Même si l'agriculture ne relève pas directement de la compétence du département, elle occupe une place suffisamment importante pour bénéficier d'un soutien. Le Conseil général va poursuivre son soutien aux installations sur des systèmes durables et des projets de diversification. En 2007, il est prévu de réviser les dispositifs qui favorisent les systèmes économes en intrants, et de favoriser les projets qui permettent des économies ou la production d'énergie. À ce sujet, le département va faire rouler une partie de sa flotte de cars au biocarburant avec la création d'un filière départementale.
Le département entend aussi poursuivre son effort en faveur de la mutualisation des moyens matériels et humains (groupements d'employeurs, achat de matériel en commun…). Plusieurs outils accompagnent la filière lait-viande : restructuration parcellaire, démarches qualité, systèmes économes, diagnostic "Avenir lait"… Ces soutiens à l'agriculture devraient évoluer avec les premières propositions qui seront faites par le Comité consultatif Agriculture. Il a déjà travaillé sur l'autonomie de l'exploitation, le foncier et l'énergie.
Le PAD en question
En marge des questions budgétaires, le Conseil général va être conduit à donner un avis consultatif sur le nouveau PAD (projet agricole départemental). Il a toutes les chances d'être négatif. Le PAD au travers de la grille d'équivalence fixe les orientations de l'agriculture départementale. Ce qui est proposé : les prix baissent, il faut produire plus. "Il diverge du projet stratégique du Conseil régional", estime le président. Ce projet stratégique inclut l'installation, la baisse des charges, l'environnement et la pluriactivité.

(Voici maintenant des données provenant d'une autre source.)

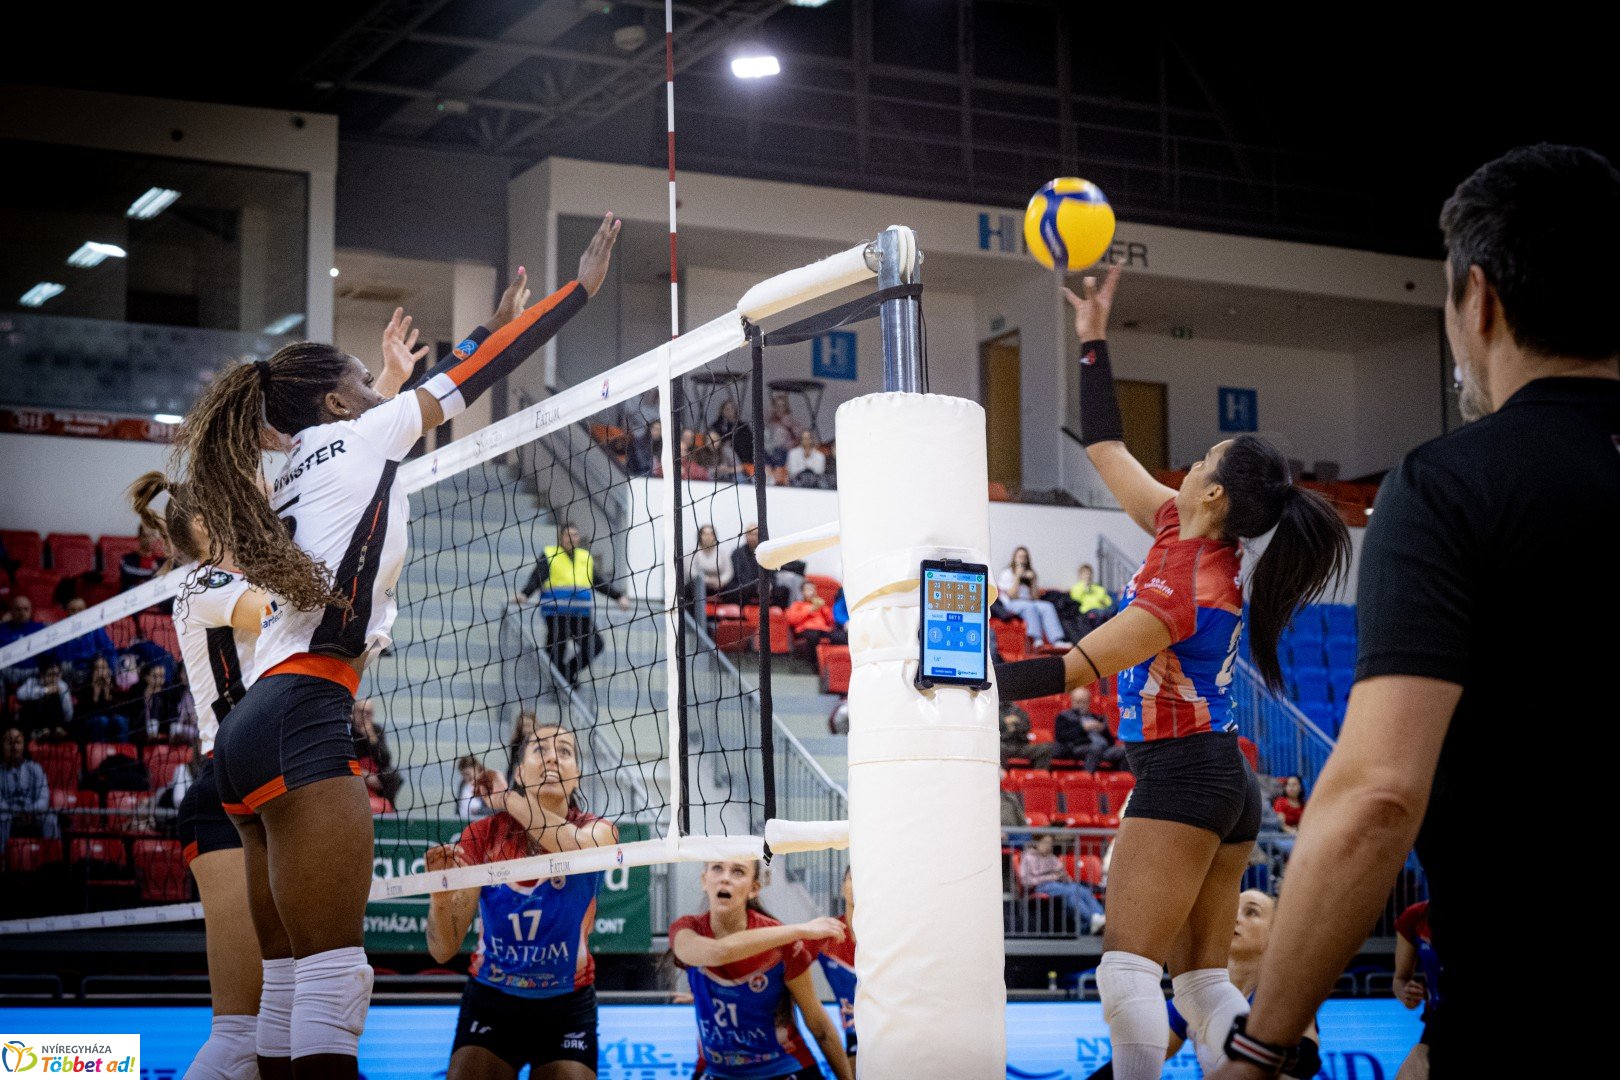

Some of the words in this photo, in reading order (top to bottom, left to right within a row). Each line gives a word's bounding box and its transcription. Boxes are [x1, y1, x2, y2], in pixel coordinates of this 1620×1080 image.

[508, 909, 542, 941] 17
[491, 935, 569, 962] FATUM
[712, 998, 739, 1028] 21

Les objections viennent surtout de la forte augmentation des seuils qui va réduire les prélèvements et donc la réserve tout en augmentant le nombre de bénéficiaires. En mettant une barrière plus élevée, l'installation va être découragée et les exploitations vont grossir. Par ailleurs, Louis Dubreil, vice-président en charge de l'agriculture, estime que "la révision est prématurée : 2007 apportera des précisions sur le développement rural, il n'y a pas eu de bilan du précédent PAD, la grille ne tient pas compte des productions à valeur ajoutée, de la baisse des intrants, du niveau de DPU acquis". Point positif cependant : la prise en compte des salariés. Ensuite, il reviendra au préfet de valider ou non le PAD dans sa version actuelle.